As UCLA is not really considered a bastion of conservative or economic thought, the fact that such a study emerged is quite important — and obviously respected enough that the WSJ chose to re-run it in their pages. It echoes of Amity Schlaes important book on the topic, “The Forgotten Man.” It also resonates as a parallel to our current economic slump and anemic recovery.
I went digging for the original press release , and was eventually able to find it. The release discusses the study and its conclusions more in depth. I have reprinted the release below, in its entirety.
From a University of California, Los Angeles news release, Aug. 10, 2004:
“Two UCLA economists say they have figured out why the Great Depression dragged on for almost 15 years, and they blame a suspect previously thought to be beyond reproach: President Franklin D. Roosevelt.
After scrutinizing Roosevelt’s record for four years, Harold L. Cole and Lee E. Ohanian conclude in a new study that New Deal policies signed into law 71 years ago thwarted economic recovery for seven long years.
“Why the Great Depression lasted so long has always been a great mystery, and because we never really knew the reason, we have always worried whether we would have another 10- to 15-year economic slump,” said Ohanian, vice chair of UCLA’s Department of Economics. “We found that a relapse isn’t likely unless lawmakers gum up a recovery with ill-conceived stimulus policies.”

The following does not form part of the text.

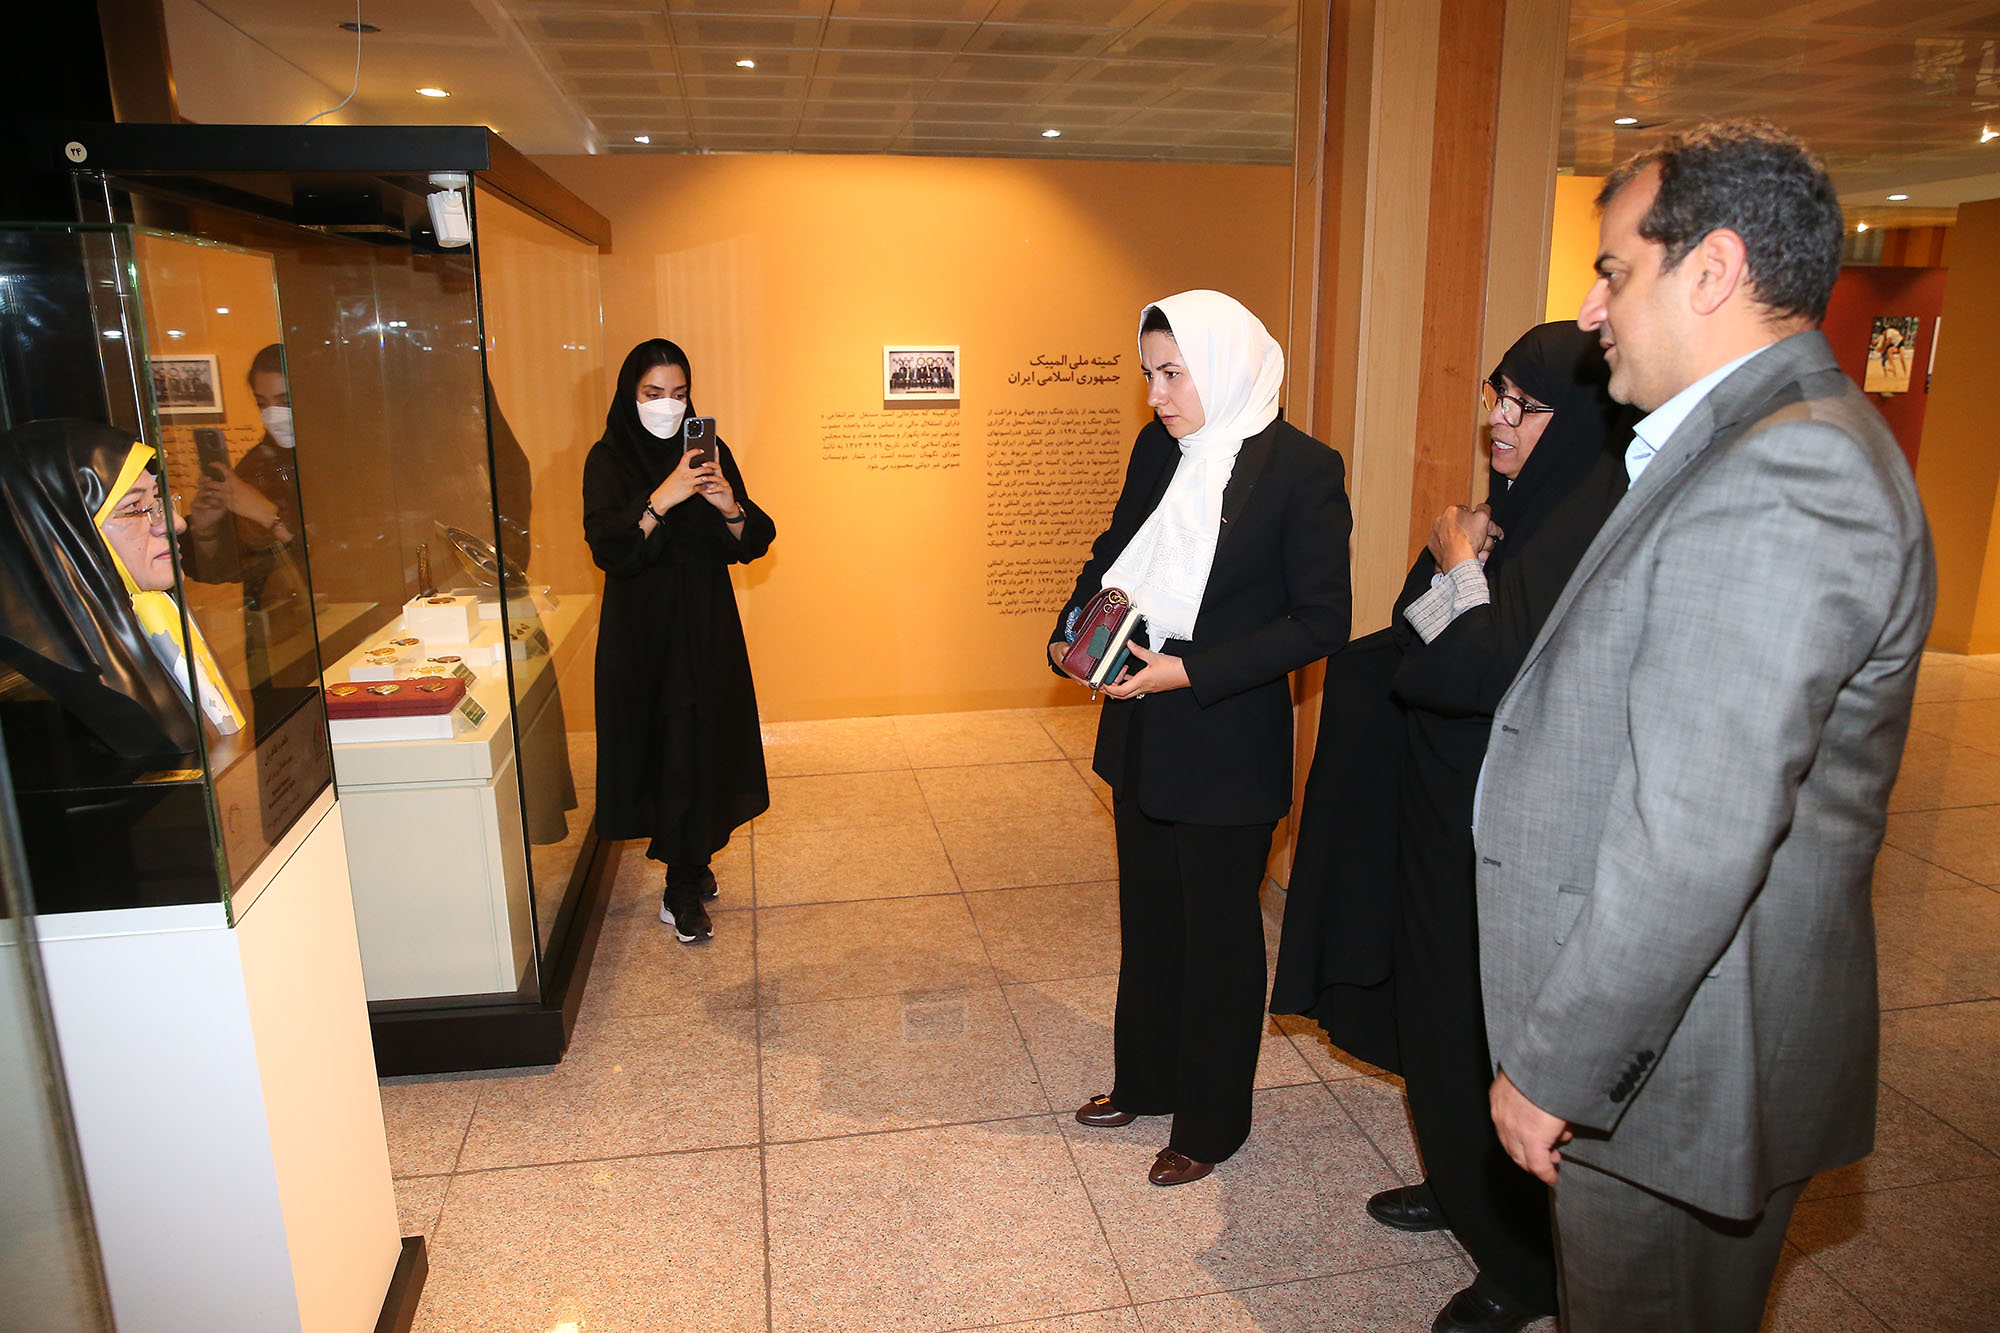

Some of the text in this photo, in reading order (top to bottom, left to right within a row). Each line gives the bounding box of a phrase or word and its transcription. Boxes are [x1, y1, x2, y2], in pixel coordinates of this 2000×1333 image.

[1029, 354, 1121, 370] کمیته ملی المپیک
[1007, 370, 1121, 386] جمهوری اسلامی ایران

In an article in the August issue of the Journal of Political Economy, Ohanian and Cole blame specific anti-competition and pro-labor measures that Roosevelt promoted and signed into law June 16, 1933.

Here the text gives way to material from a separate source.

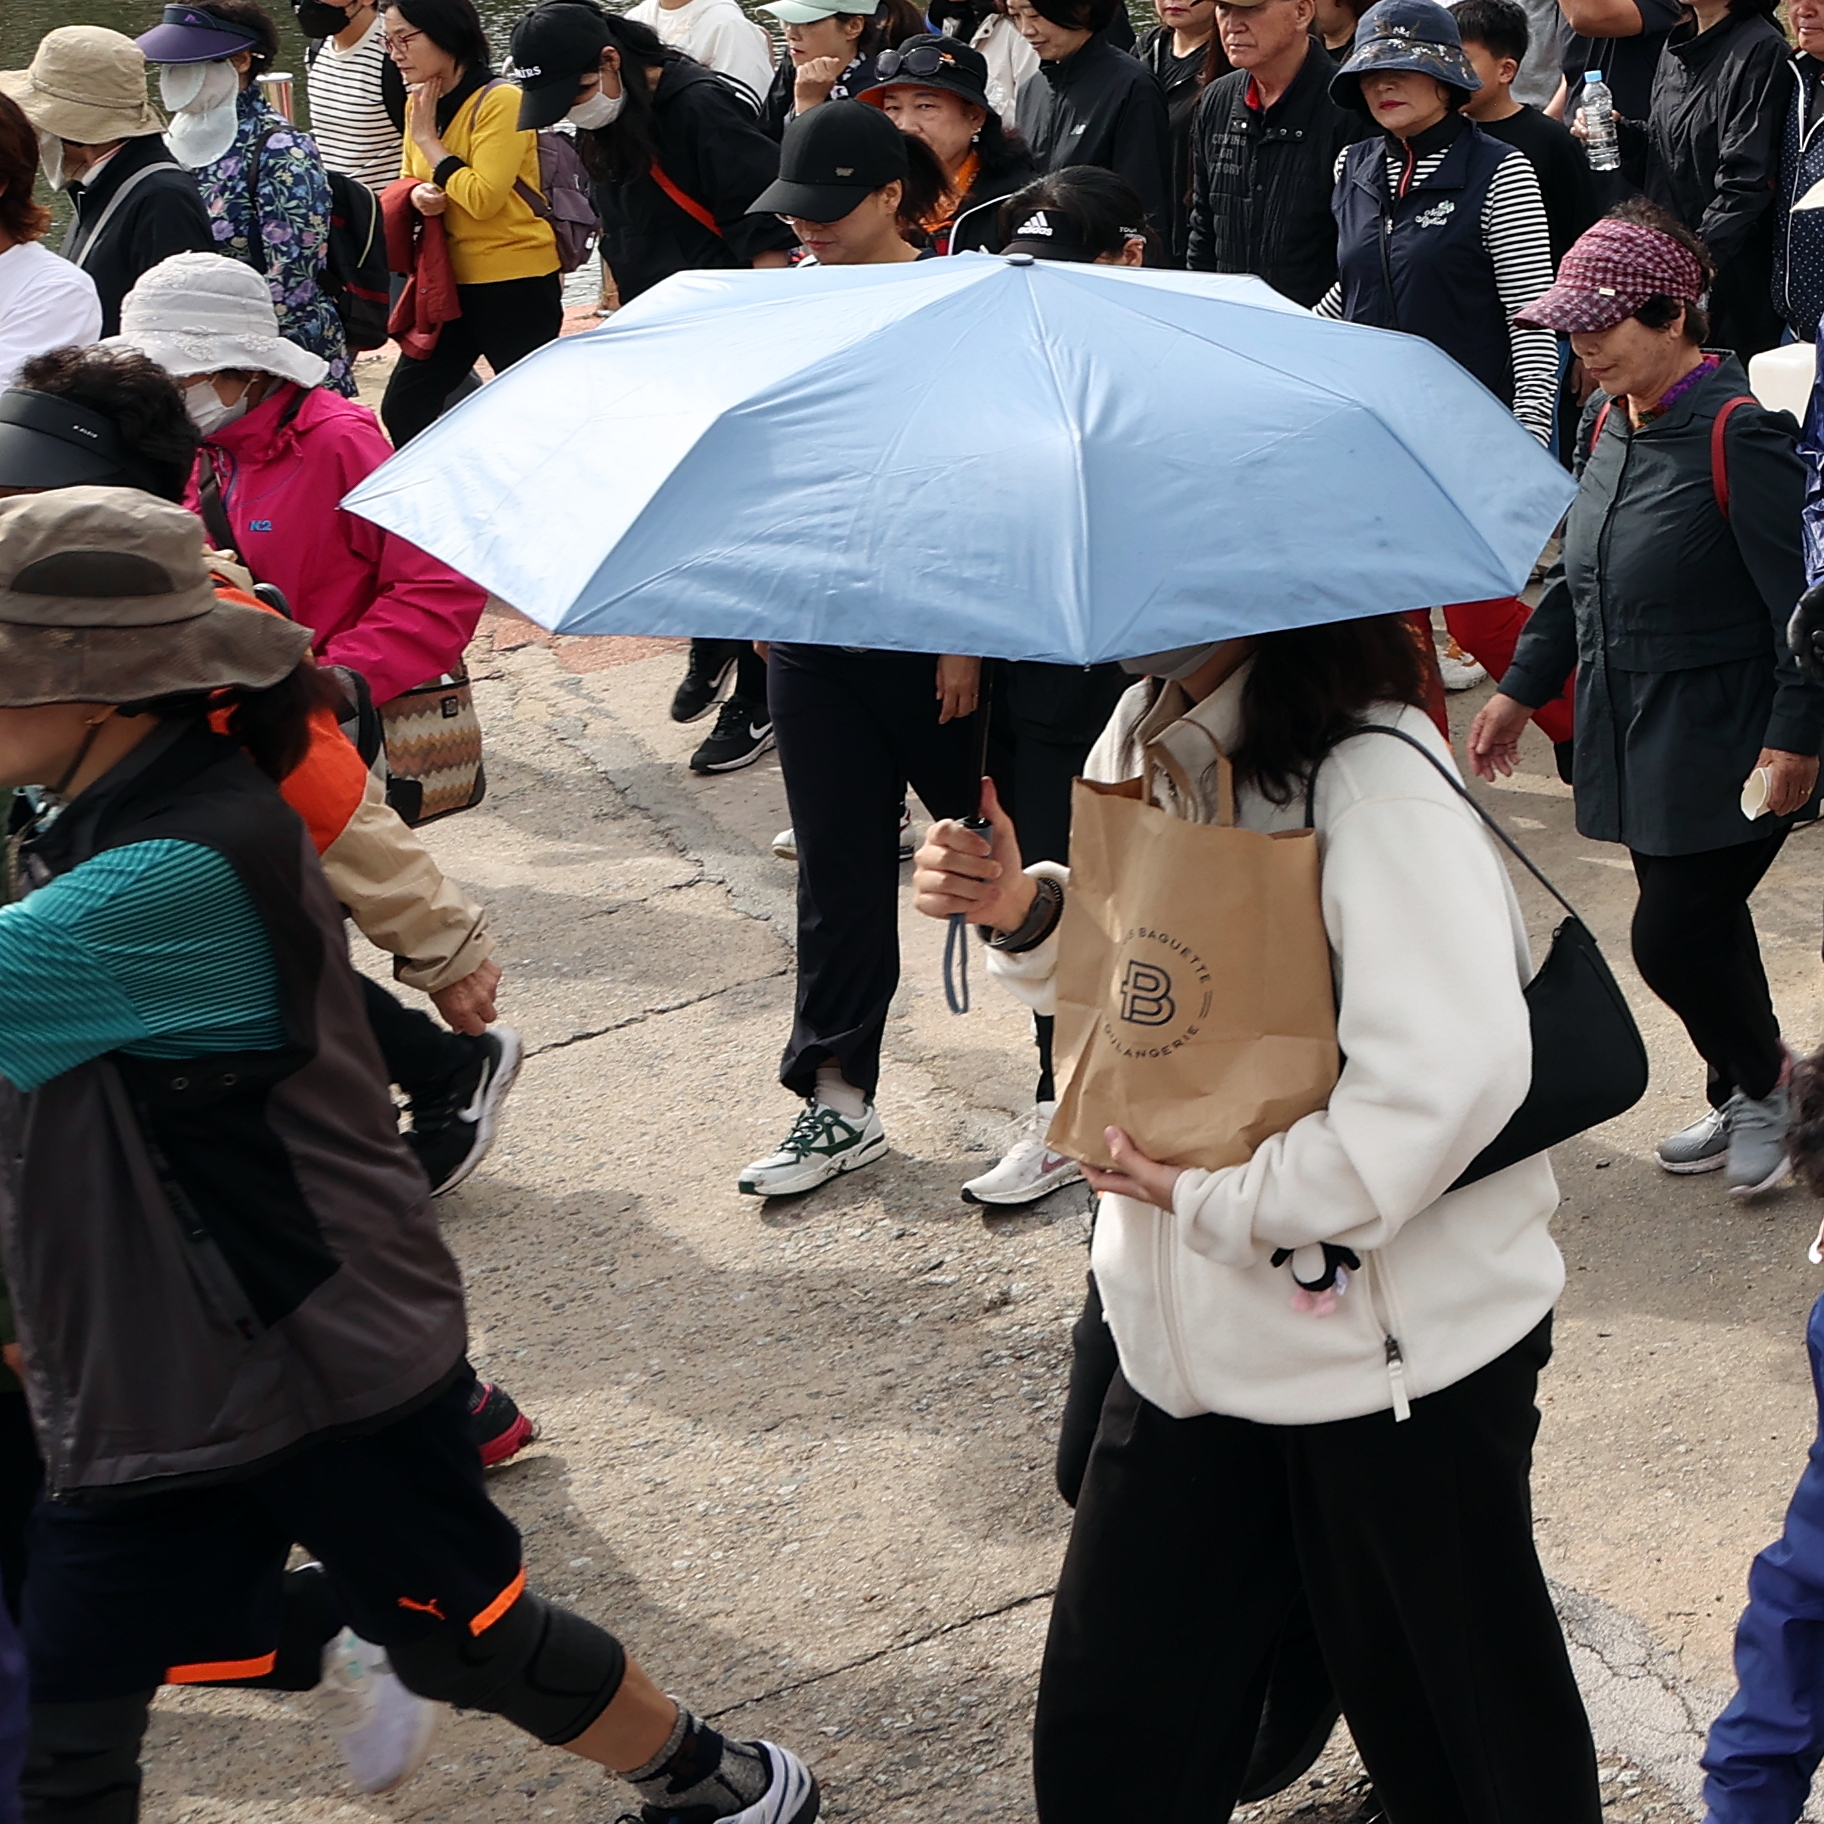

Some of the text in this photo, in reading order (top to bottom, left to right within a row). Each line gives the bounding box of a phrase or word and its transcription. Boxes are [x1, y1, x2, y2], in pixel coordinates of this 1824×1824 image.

[1017, 226, 1053, 236] adidas
[249, 520, 272, 531] K2
[1139, 927, 1212, 984] BAGUETTE

“President Roosevelt believed that excessive competition was responsible for the Depression by reducing prices and wages, and by extension reducing employment and demand for goods and services,” said Cole, also a UCLA professor of economics. “So he came up with a recovery package that would be unimaginable today, allowing businesses in every industry to collude without the threat of antitrust prosecution and workers to demand salaries about 25 percent above where they ought to have been, given market forces. The economy was poised for a beautiful recovery, but that recovery was stalled by these misguided policies.”

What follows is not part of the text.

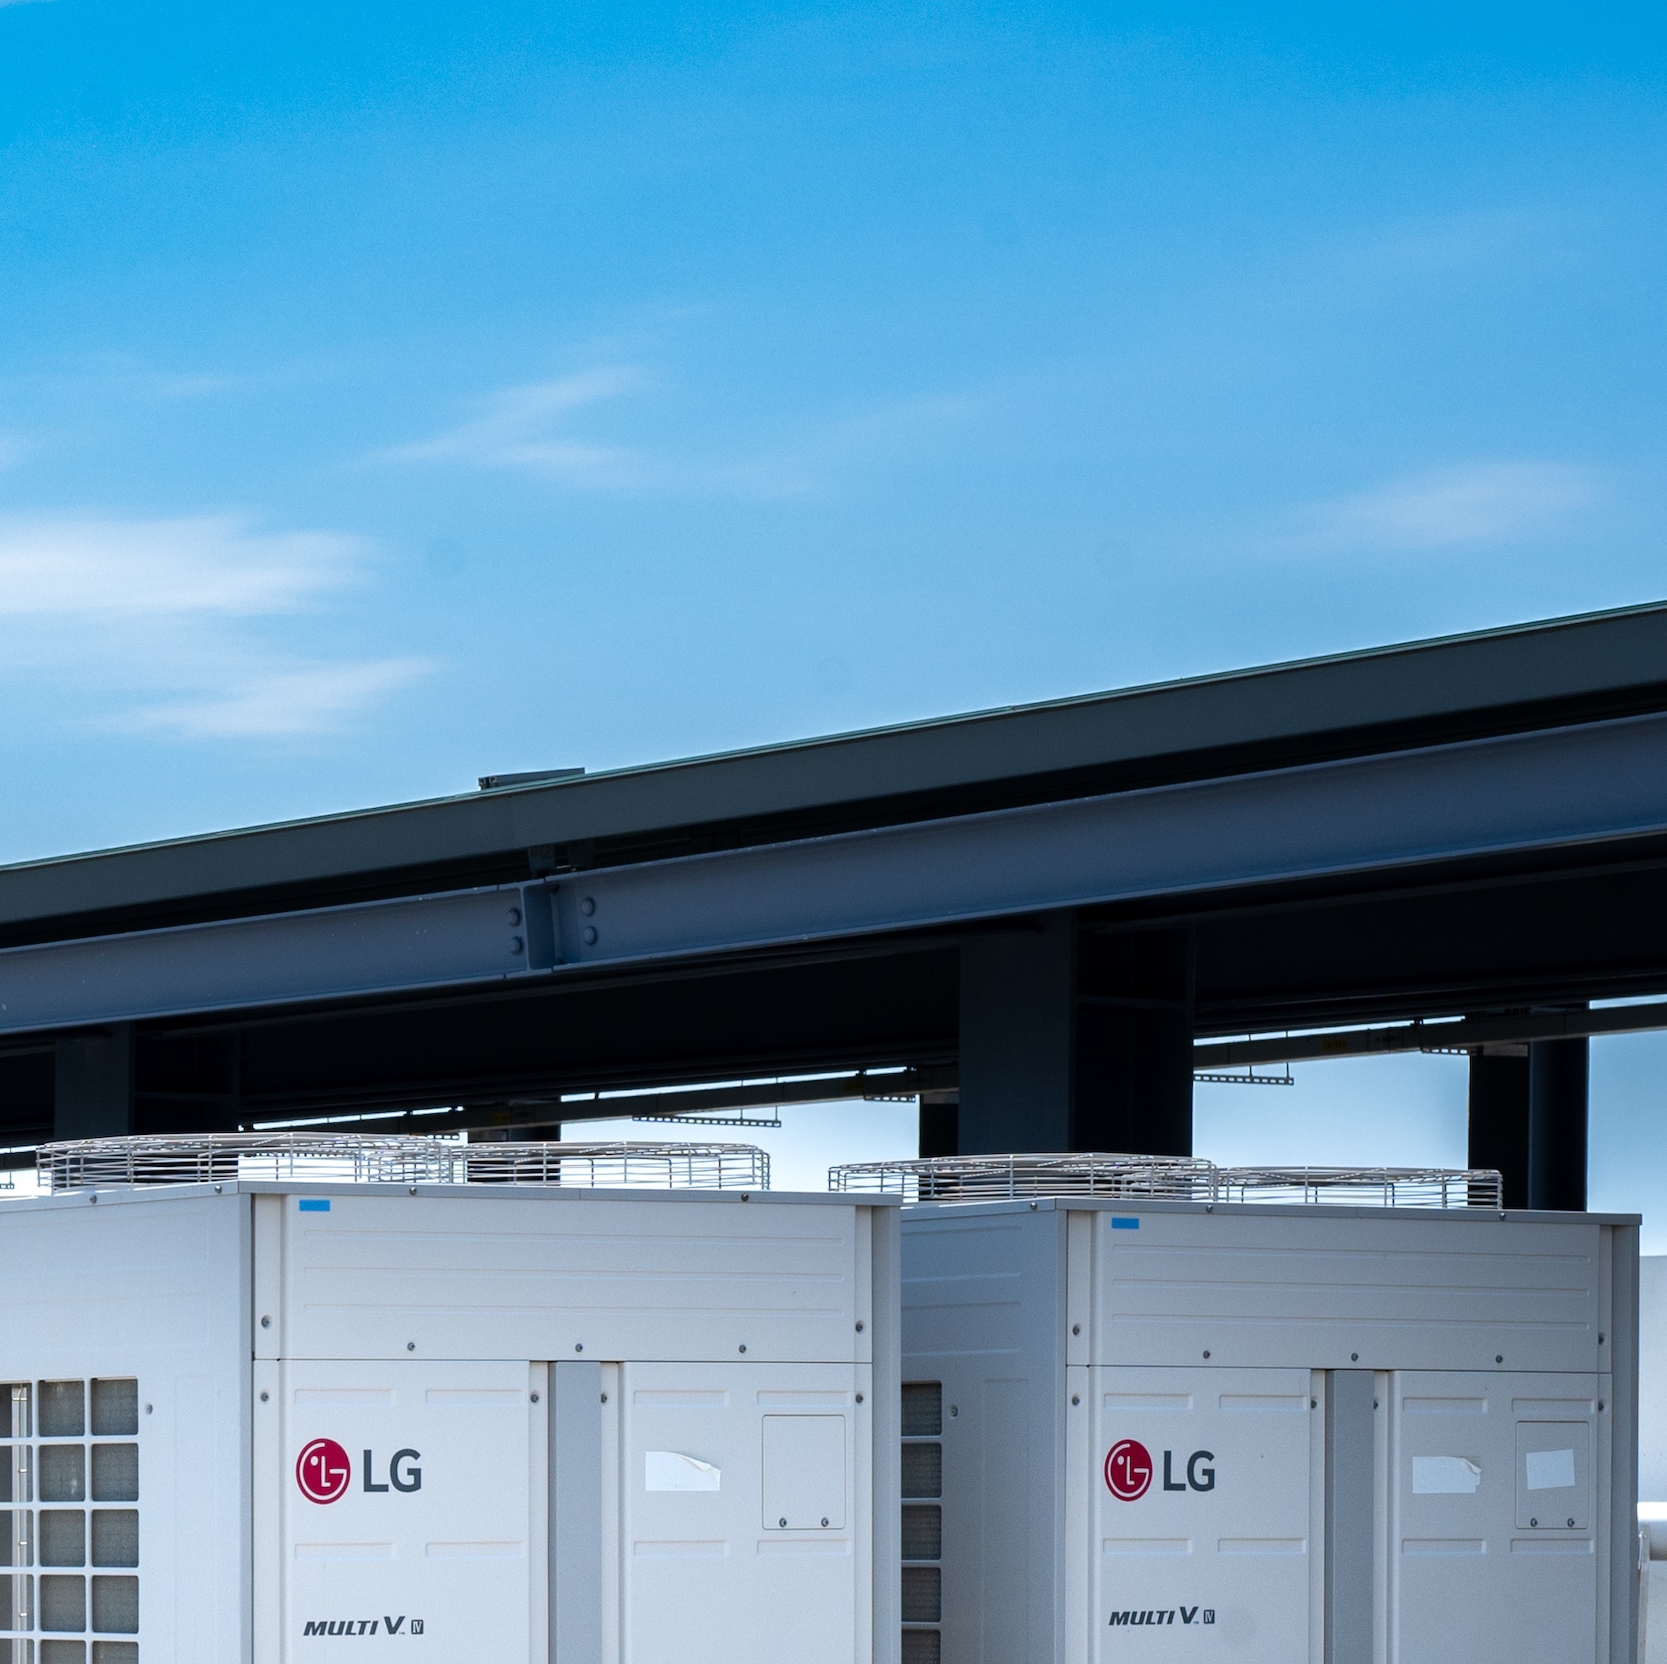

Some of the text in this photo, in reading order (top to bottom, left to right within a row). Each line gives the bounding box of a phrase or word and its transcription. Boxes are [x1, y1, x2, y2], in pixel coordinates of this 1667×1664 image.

[363, 1448, 422, 1493] LG
[1163, 1449, 1216, 1493] LG
[303, 1620, 379, 1637] MULTI
[1108, 1610, 1176, 1626] MULTI

Using data collected in 1929 by the Conference Board and the Bureau of Labor Statistics, Cole and Ohanian were able to establish average wages and prices across a range of industries just prior to the Depression. By adjusting for annual increases in productivity, they were able to use the 1929 benchmark to figure out what prices and wages would have been during every year of the Depression had Roosevelt’s policies not gone into effect. They then compared those figures with actual prices and wages as reflected in the Conference Board data.
In the three years following the implementation of Roosevelt’s policies, wages in 11 key industries averaged 25 percent higher than they otherwise would have done, the economists calculate. But unemployment was also 25 percent higher than it should have been, given gains in productivity.
Meanwhile, prices across 19 industries averaged 23 percent above where they should have been, given the state of the economy. With goods and services that much harder for consumers to afford, demand stalled and the gross national product floundered at 27 percent below where it otherwise might have been.
“High wages and high prices in an economic slump run contrary to everything we know about market forces in economic downturns,” Ohanian said. “As we’ve seen in the past several years, salaries and prices fall when unemployment is high. By artificially inflating both, the New Deal policies short-circuited the market’s self-correcting forces.”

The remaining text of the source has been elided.